Weitgehende Zustimmung kimmer. Aber, wie auch von willy13 geschrieben hat Kommentieren auf irgendwelchen Medienplattformen nichts mit Meinungs- und auch nichts mit Pressefreiheit zu tun. Wenn Sie selbst eine Internetseite hätten, könnten Sie genauso nach Belieben Kommentare zensieren.

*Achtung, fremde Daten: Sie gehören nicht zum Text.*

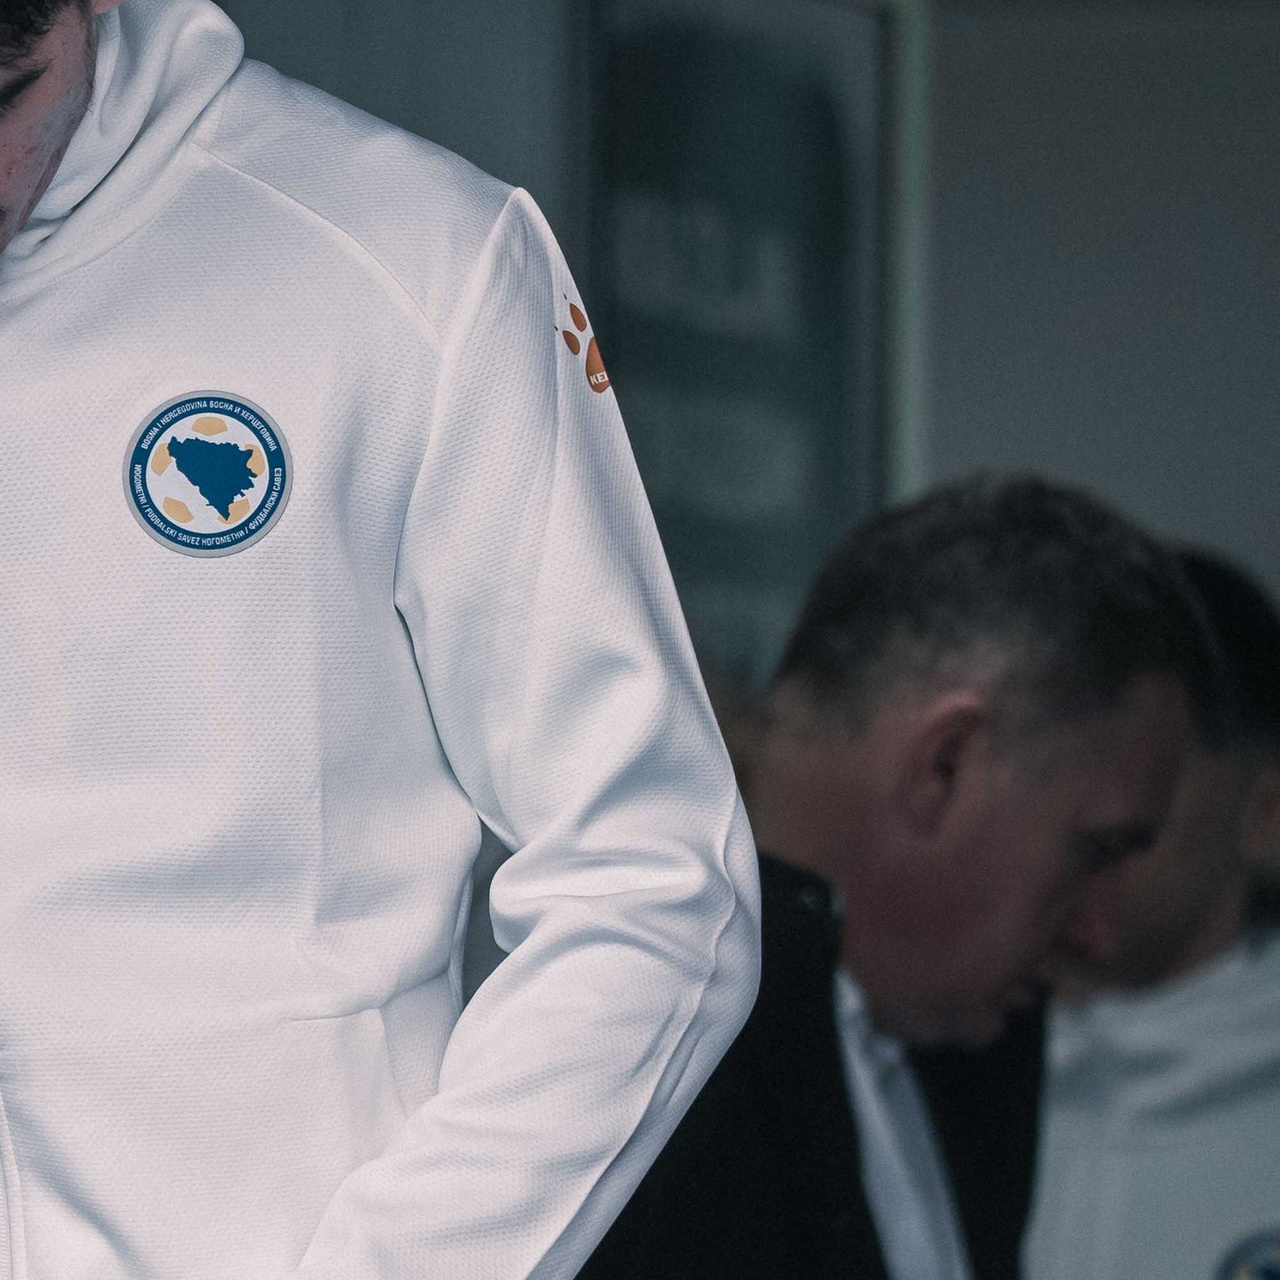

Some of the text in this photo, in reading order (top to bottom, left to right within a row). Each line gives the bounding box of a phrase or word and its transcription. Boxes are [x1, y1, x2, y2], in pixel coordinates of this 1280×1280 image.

Ein Eingriff in die Presse- oder gar Meinungsfreiheit läge nur dann vor, wenn Sie auf Ihrer eigenen Seite zensiert würden.
Schließlich sollte man auch die andere Seite der Pressefreiheit sehen, dass nämlich kein Medium gegen seinen Willen gezwungen sein kann, irgendwelche Beiträge zu veröffentlichen.
Trotzdem verlangt eine Darstellung der Missstände in anderen Ländern natürlich immer, dass man auch das eigene Handeln hinterfragt... und das sollte auch unter anderem ein Sinn dahinter sein.
Gute Frage kimmer.
Das Selbstverständnis der hiesigen Massenmedien ist das: WIR haben die Meinungsfreiheit und die Demokratie zu 100%.
Sehr viele Leute hier sehen das etwas anders oder ganz anders.
Das Gefühl, dass Freiheit und Bürgerrechte Schritt für Schritt weniger werden, Einschränkungen und Verbote immer mehr werden, habe nicht nur ich.
Also zeigen die Medien gern mal, wie unfrei die Leute in anderen Ländern leben müssen.
Dass in Foren, wie SZ oder Focus usw. nicht alle Kommentare durchkommen, hat aber weniger mit Meinungsfreiheit zu tun, sondern damit dass sich die Betreiber der Internetseiten vor dem Risiko schützen müssen, die ein womöglich beleidigender oder strafrechtlich vielleicht relevanter Kommentar mit sich bringen kann.
scheinen sich nicht zu vertragen. Oder sind es die Volksvertreter, die sich in ihrer unabhängigen Arbeit gestört fühlen? Muß ja nicht jeder wissen, was privat wirklich verdient wird, oder mit wem man illegal ausgeht. Es ist mir allerdings aufgefallen, das die Türkei die heimliche 13. in der Runde ist. In der Türkei kann jeder, der ein bisschen auf sich hält, ihn mißbilligende Webseiten ohne Weiteres per Richterspruch sperren und verbieten lassen. Und von den High Society der Richter selbst ganz zu schweigen. Die würden am liebsten den CP sperren lassen, bzw. die Benutzung dieser Maschine nur gewissen Leuten überlassen. Nur: Wieso haben die von der ROG das nicht beschrieben.